Goal of the exercise
Leave every picture out, and write out the remaining entries exactly.

Record excerpts

::::::::::

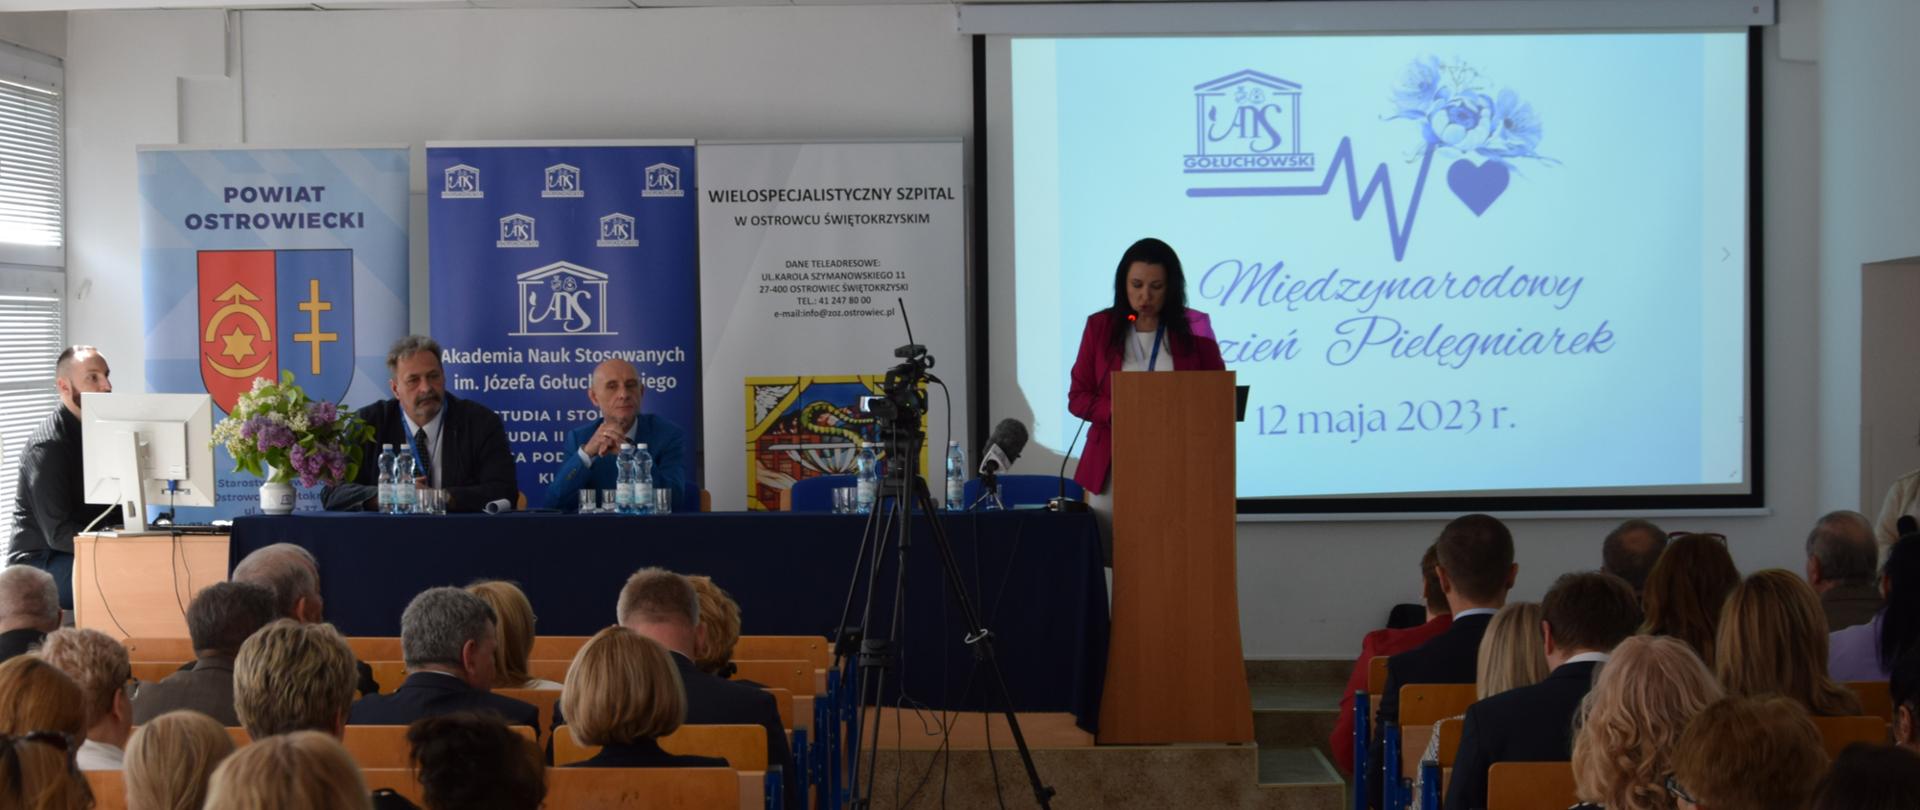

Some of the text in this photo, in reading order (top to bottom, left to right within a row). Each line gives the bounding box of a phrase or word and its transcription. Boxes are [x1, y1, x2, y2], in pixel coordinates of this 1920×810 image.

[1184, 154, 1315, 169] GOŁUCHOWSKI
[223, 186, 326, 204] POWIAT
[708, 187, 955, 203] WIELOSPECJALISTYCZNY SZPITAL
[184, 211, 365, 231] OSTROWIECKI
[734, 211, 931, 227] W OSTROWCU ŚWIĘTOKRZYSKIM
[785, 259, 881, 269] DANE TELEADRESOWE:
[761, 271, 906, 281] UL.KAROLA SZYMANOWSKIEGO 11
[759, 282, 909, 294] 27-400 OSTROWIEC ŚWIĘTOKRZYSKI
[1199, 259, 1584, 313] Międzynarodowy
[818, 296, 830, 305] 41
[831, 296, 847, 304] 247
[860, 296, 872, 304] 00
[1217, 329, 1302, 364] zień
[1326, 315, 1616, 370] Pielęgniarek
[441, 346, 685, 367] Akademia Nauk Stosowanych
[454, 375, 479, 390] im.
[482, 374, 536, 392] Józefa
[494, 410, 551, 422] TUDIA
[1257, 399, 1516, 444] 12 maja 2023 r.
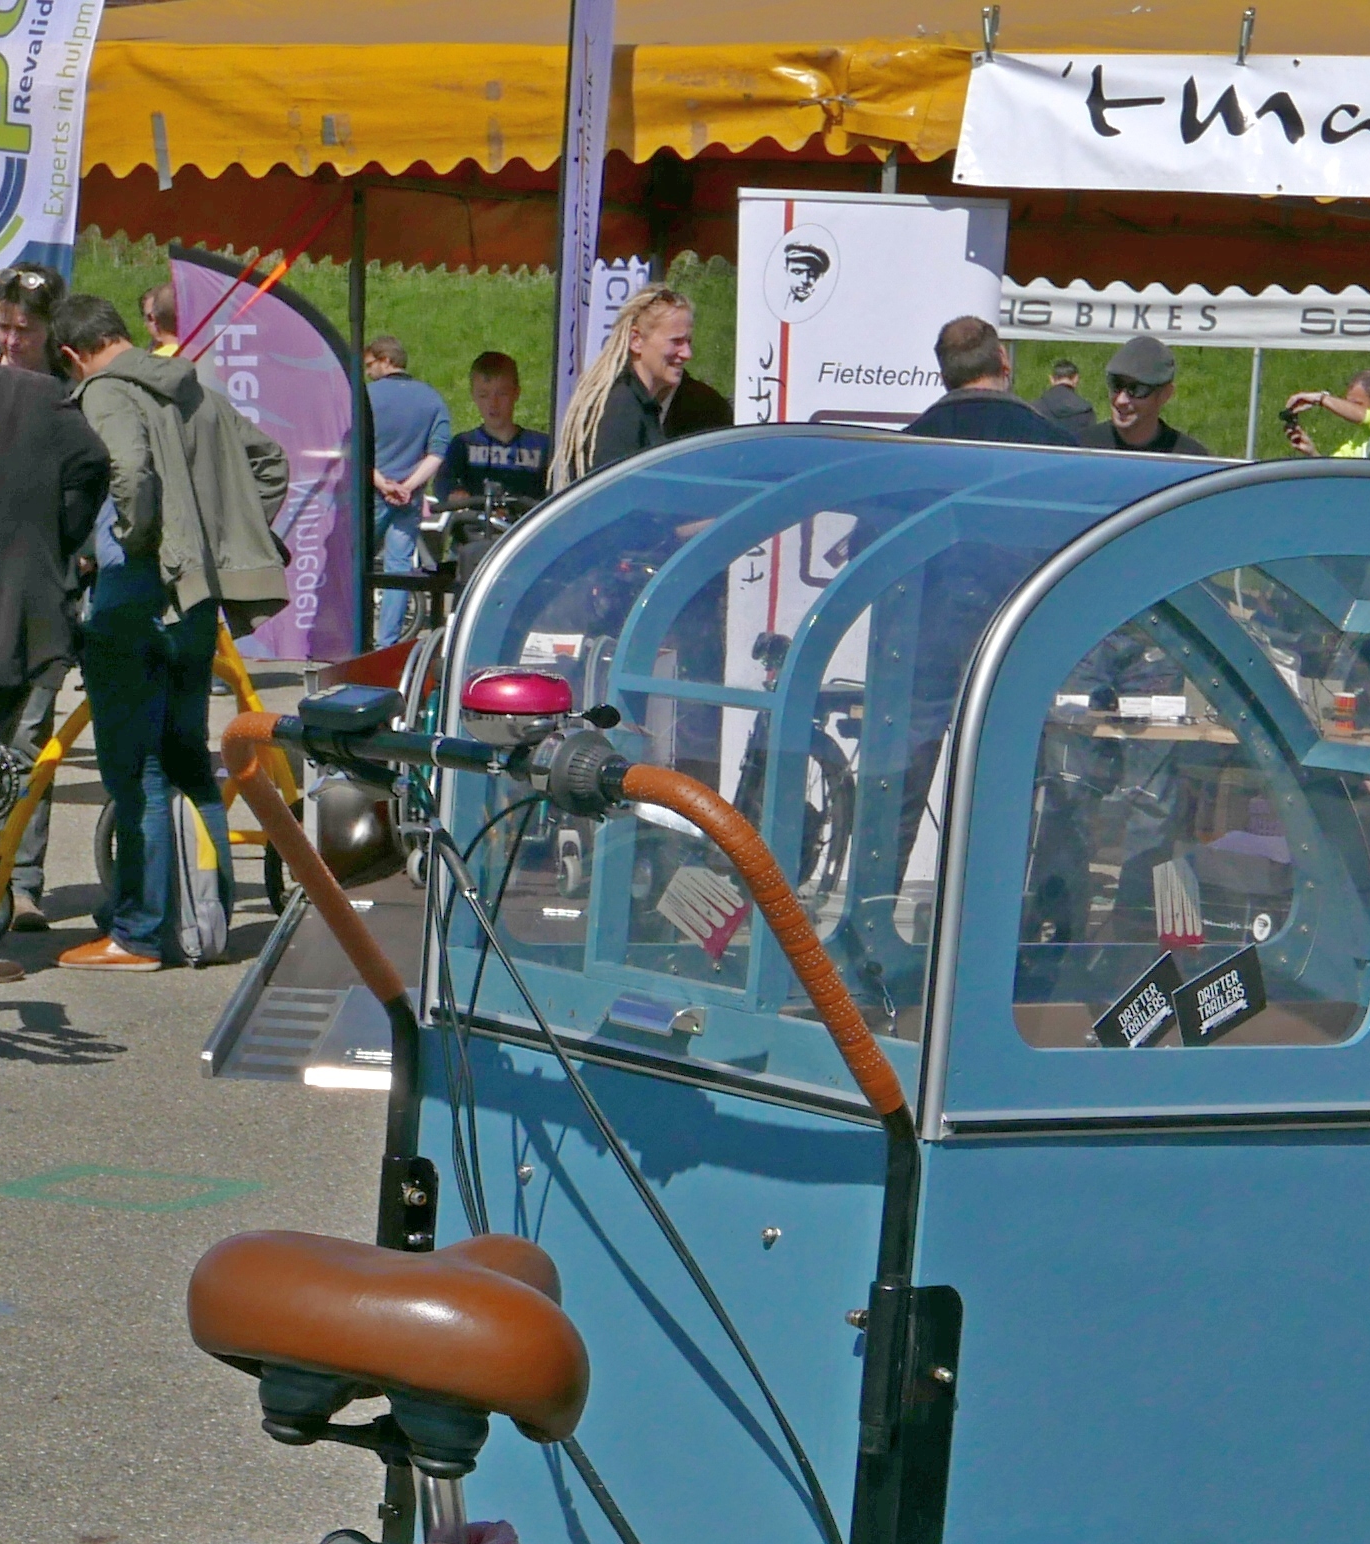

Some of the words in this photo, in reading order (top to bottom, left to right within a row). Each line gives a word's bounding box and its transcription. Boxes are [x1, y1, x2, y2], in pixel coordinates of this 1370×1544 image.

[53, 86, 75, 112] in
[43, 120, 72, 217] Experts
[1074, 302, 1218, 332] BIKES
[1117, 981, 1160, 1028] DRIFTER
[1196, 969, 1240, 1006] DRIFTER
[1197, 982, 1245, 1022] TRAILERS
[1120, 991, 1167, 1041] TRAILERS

::::::::::

Response to this exercise
Some of the text in this photo, in reading order (top to bottom, left to right within a row). Each line gives the bounding box of a phrase or word and its transcription. Boxes are [x1, y1, x2, y2], in pixel coordinates of this 1920×810 image.

[1184, 154, 1315, 169] GOŁUCHOWSKI
[223, 186, 326, 204] POWIAT
[708, 187, 955, 203] WIELOSPECJALISTYCZNY SZPITAL
[184, 211, 365, 231] OSTROWIECKI
[734, 211, 931, 227] W OSTROWCU ŚWIĘTOKRZYSKIM
[785, 259, 881, 269] DANE TELEADRESOWE:
[761, 271, 906, 281] UL.KAROLA SZYMANOWSKIEGO 11
[759, 282, 909, 294] 27-400 OSTROWIEC ŚWIĘTOKRZYSKI
[1199, 259, 1584, 313] Międzynarodowy
[818, 296, 830, 305] 41
[831, 296, 847, 304] 247
[860, 296, 872, 304] 00
[1217, 329, 1302, 364] zień
[1326, 315, 1616, 370] Pielęgniarek
[441, 346, 685, 367] Akademia Nauk Stosowanych
[454, 375, 479, 390] im.
[482, 374, 536, 392] Józefa
[494, 410, 551, 422] TUDIA
[1257, 399, 1516, 444] 12 maja 2023 r.

Some of the words in this photo, in reading order (top to bottom, left to right within a row). Each line gives a word's bounding box and its transcription. Boxes are [x1, y1, x2, y2], in pixel coordinates of this 1370×1544 image.

[53, 86, 75, 112] in
[43, 120, 72, 217] Experts
[1074, 302, 1218, 332] BIKES
[1117, 981, 1160, 1028] DRIFTER
[1196, 969, 1240, 1006] DRIFTER
[1197, 982, 1245, 1022] TRAILERS
[1120, 991, 1167, 1041] TRAILERS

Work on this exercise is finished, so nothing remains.